XML 19 R8.htm IDEA: XBRL DOCUMENT v3.21.2
PRESENTATION AND NATURE OF OPERATIONS
9 Months Ended
Sep. 30, 2021
Organization, Consolidation and Presentation of Financial Statements [Abstract]  
PRESENTATION AND NATURE OF OPERATIONS PRESENTATION AND NATURE OF OPERATIONS
Description and Organization

Rivian Automotive, Inc. (“Rivian” or the “Company”) was incorporated as a Delaware corporation on March 26, 2015. Rivian was formed for the purpose of developing, manufacturing, and selling category-defining electric vehicles (”EVs”) and accessories. The nature of the Company’s operations during the nine months ended September 30, 2020 and 2021 was primarily research and development activities related to vehicle development and its related technologies, and pre-production activities related to manufacturing and sales.

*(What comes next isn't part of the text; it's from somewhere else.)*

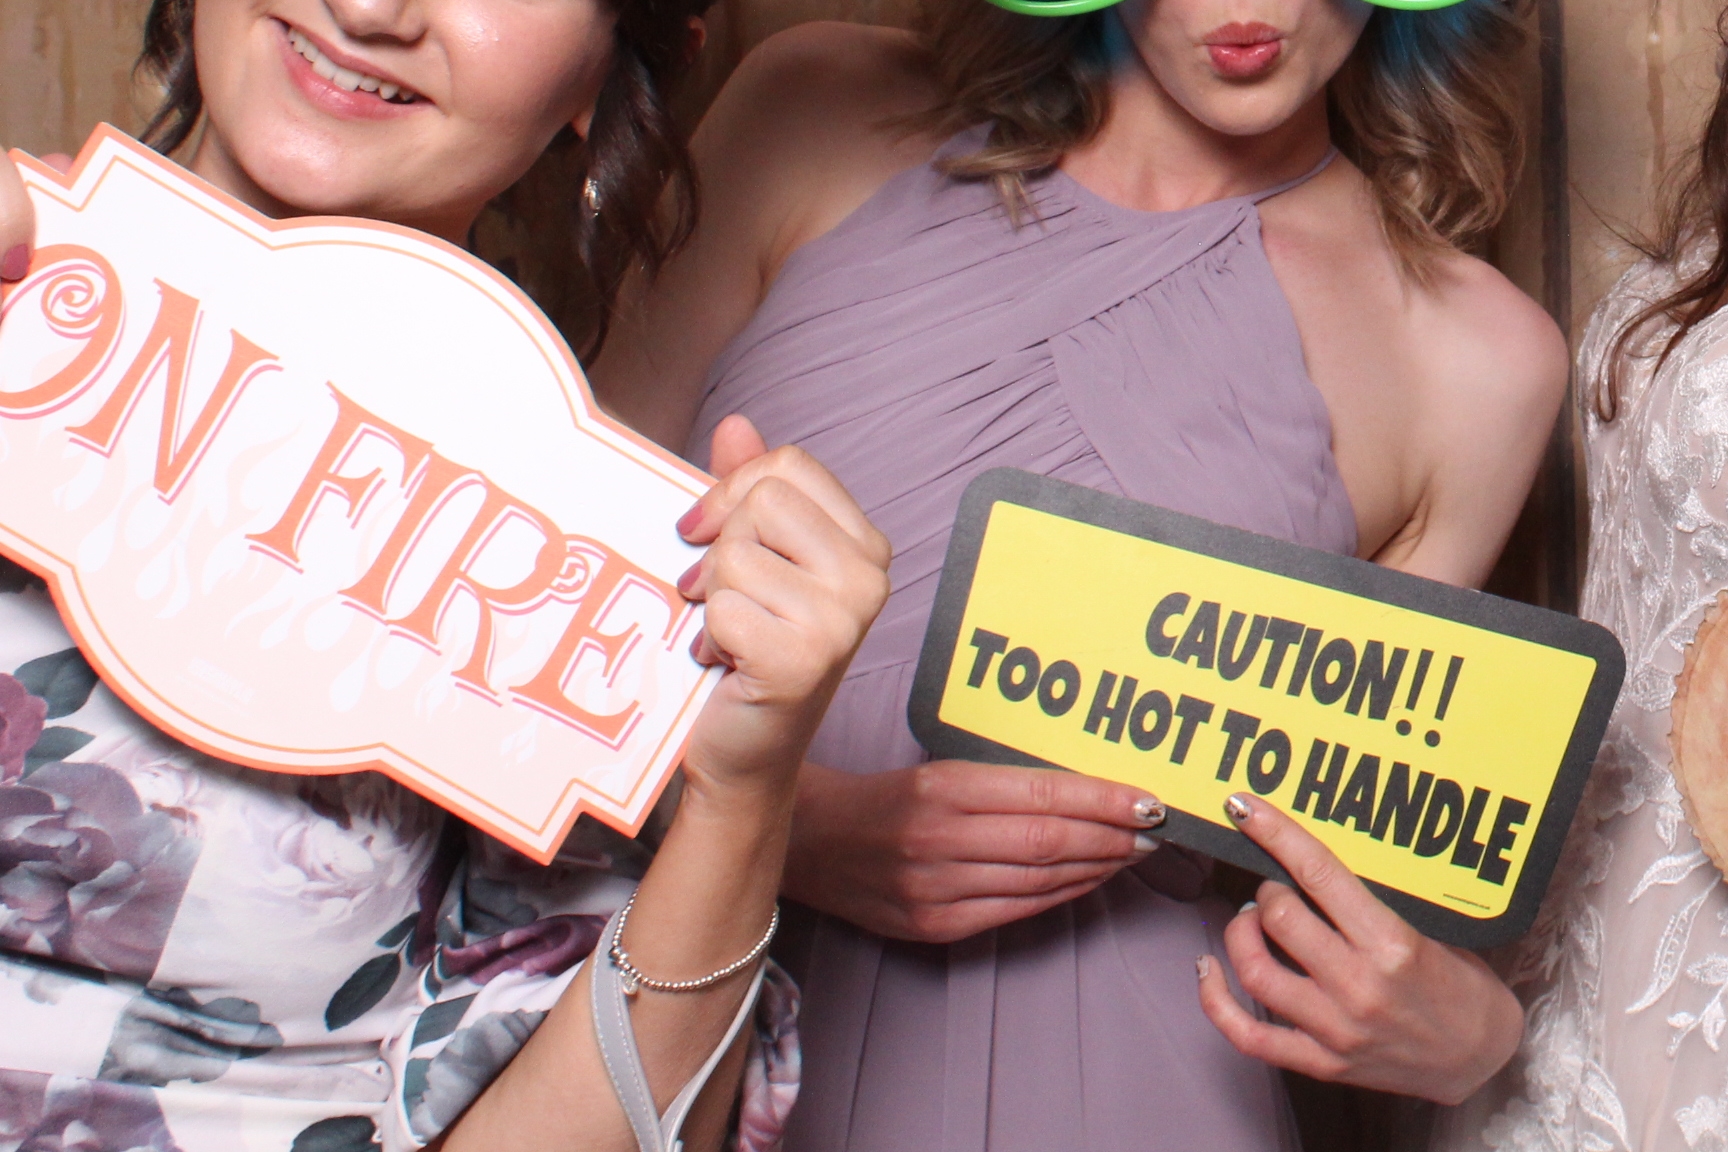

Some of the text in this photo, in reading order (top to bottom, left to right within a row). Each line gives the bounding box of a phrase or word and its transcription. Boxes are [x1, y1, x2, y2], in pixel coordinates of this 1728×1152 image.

[0, 244, 699, 752] ON FIRE
[967, 628, 1532, 887] TOO HOT TO HANDLE
[1145, 592, 1464, 747] CAUTION!!
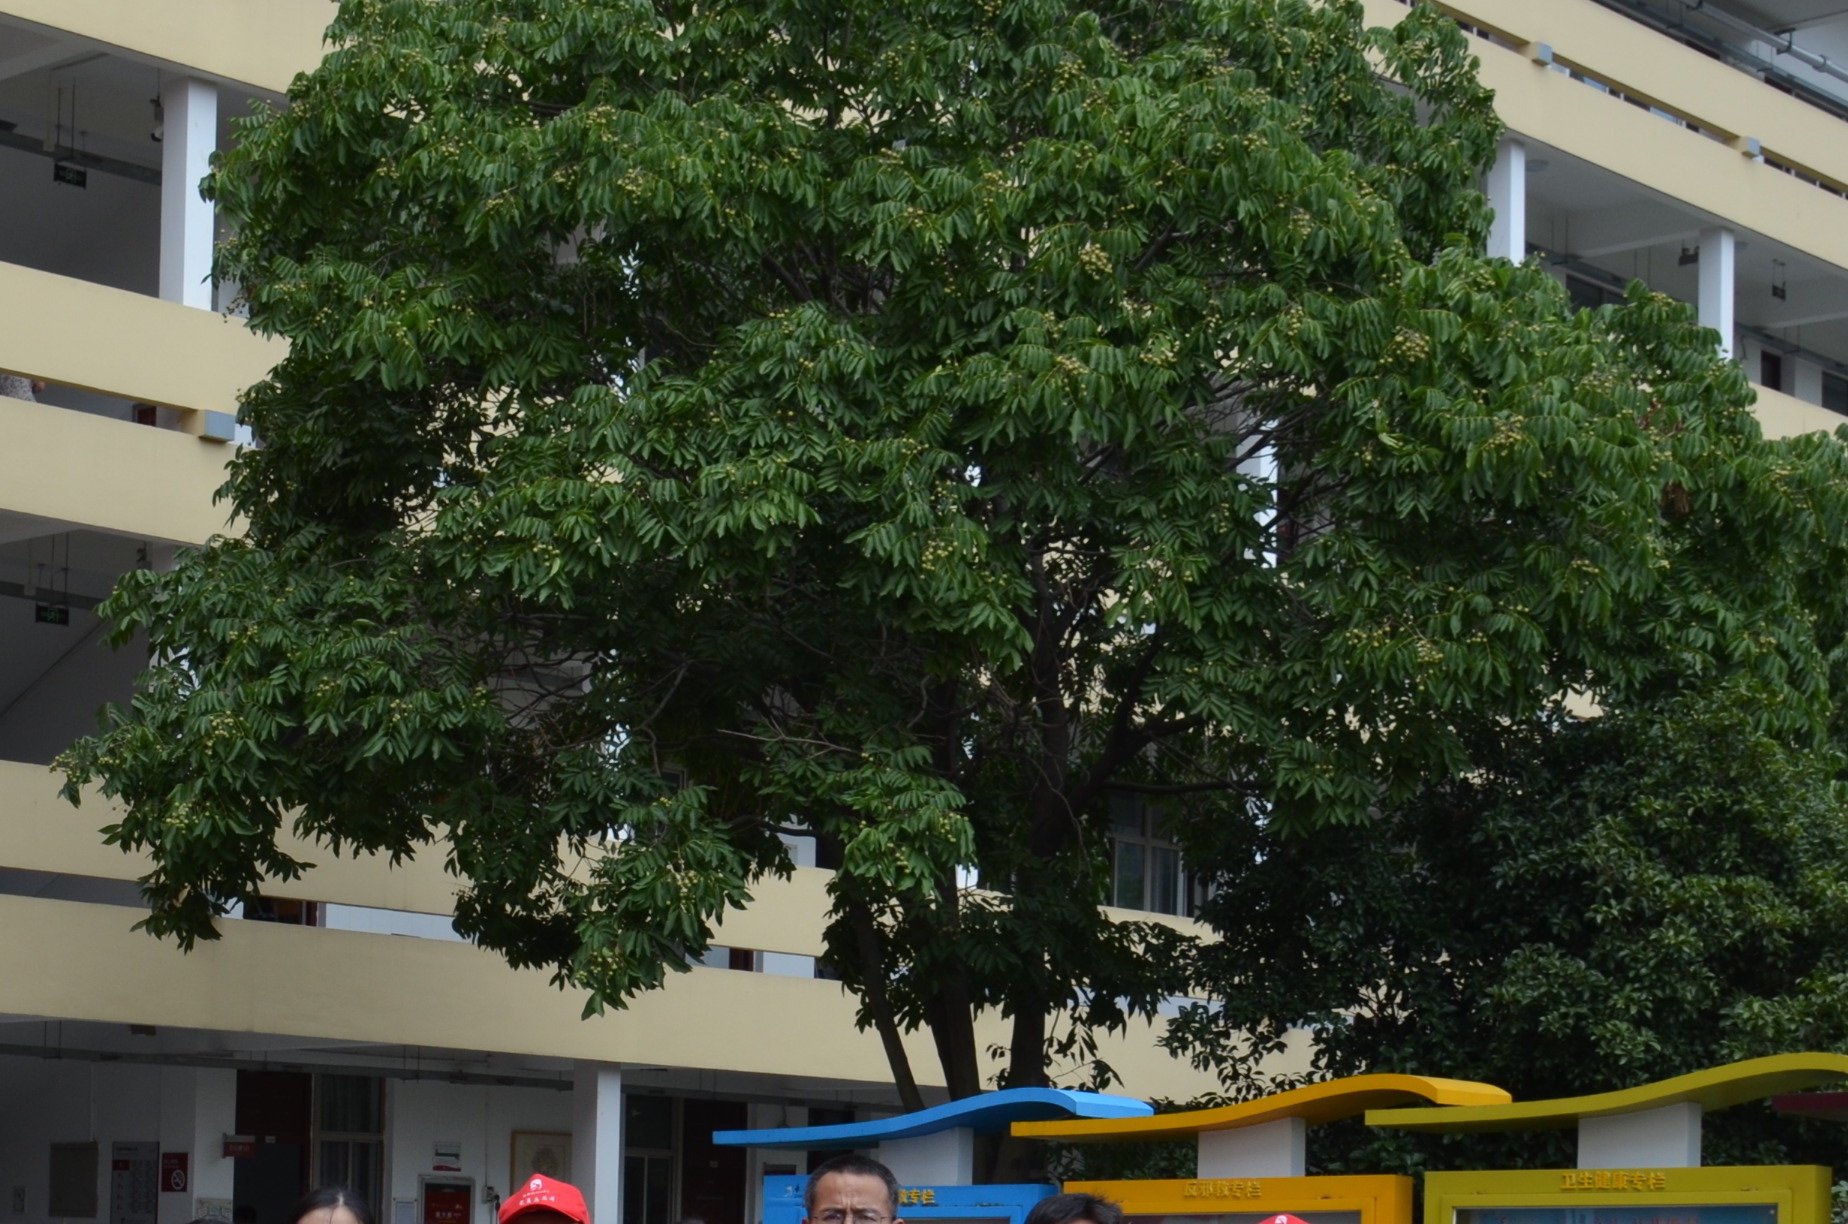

The Company’s Chief Executive Officer has been identified as the chief operating decision maker (“CODM”). As the CODM reviews financial information presented on a consolidated basis for purposes of making operating decisions, allocating resources, and evaluating financial performance, the Company has determined that it operates in one operating segment and one reportable segment.

Basis of Presentation

The accompanying interim condensed consolidated financial statements have been prepared in accordance with generally accepted accounting principles in the United States (“U.S. GAAP”) regarding interim financial reporting, and do not include all disclosures, including certain notes, required by U.S. GAAP on an annual reporting basis. These interim condensed consolidated financial statements are unaudited and, in the opinion of management, reflect all normal recurring adjustments necessary to fairly present the financial position, results of operations, cash flows, and change in equity for the periods presented. Results for the periods presented are not necessarily indicative of the results that may be expected for any subsequent period. These unaudited interim condensed consolidated financial statements should be read in conjunction with the Company’s consolidated financial statements and notes as of and for the year ended December 31, 2020 as disclosed in the Company’s prospectus, dated November 9, 2021, filed with the Securities and Exchange Commission (“SEC”) in accordance with Rule 424(b) of the Securities Act on November 12, 2021 (the “Prospectus”) in connection with the Company’s initial public offering (“IPO”).

Basis of Consolidation

The Company consolidates entities that are controlled as a result of having a controlling financial interest in those entities. Intercompany balances and transactions have been eliminated in consolidation.

Global Pandemic

Beginning in 2020, public health and governmental authorities have taken extraordinary steps to contain and combat the impact of the coronavirus disease (including associated variants, “COVID-19”) pandemic throughout the world. COVID-19 has caused disruptions to and delays in the Company’s operations, including shortages and delays in the supply of certain materials and equipment. In response, the Company has adapted various internal designs and processes in an effort to remedy or mitigate impacts of such disruptions and delays on the Company’s production timeline, which has resulted in higher costs. The full extent of the future impact from the COVID-19 pandemic on the Company’s operational and financial performance is currently uncertain and will depend on future developments.